Apr 5, 2019 | Cancer, CRISPR, Genome, Genomics, Oncology, Protein

University of California, San Diego Health researchers discovered an unexpected role of an immune system receptor—blocking it halts human cancer cell growth and improves survival in animal models reports Scott LaFee of University of California, San Diego Health.

The remission-resistance-relapse pattern curses many a cancer patient—and the physician working furiously to make them better.  Pancreatic cancer patients are especially vulnerable to this phenomenon.  Survival rates are dire with pancreatic cancer. Why? Current multidrug chemotherapy regimens targeting pancreatic cancer typically do not eradicate all cancer cells, leaving behind drug-resistant cells that harbor aberrant stem cell properties reports Mr. LaFee.
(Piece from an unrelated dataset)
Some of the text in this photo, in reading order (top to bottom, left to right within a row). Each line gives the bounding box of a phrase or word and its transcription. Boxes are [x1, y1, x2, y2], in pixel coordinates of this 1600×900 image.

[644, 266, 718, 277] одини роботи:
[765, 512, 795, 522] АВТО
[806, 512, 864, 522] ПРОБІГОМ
These cells can trigger tumor regrowth and metastasis.  An international research team led by UC San Diego scientists recently completed a study which was published in an online issue of Cell. The research group utilized a variety of next-generation sequencing and editing tools, such as CRISPR, to map the molecular dependencies—and vulnerabilities—of pancreatic stem cells.

Interestingly, the team uncovered a key hormone receptor known as retinoic acid receptor-related orphan receptor gamma, or RORy, previously studied in inflammation and T-cell differentiation, was found to be dynamically active during pancreatic cancer progression. The researchers noted that blocking this human receptor significantly slowed patient tumor growth and improved survival in animal models.

Lead Research/Investigator

Tannishtha Reya, PhD, UC San Diego professor in the departments of Pharmacology and Medicine.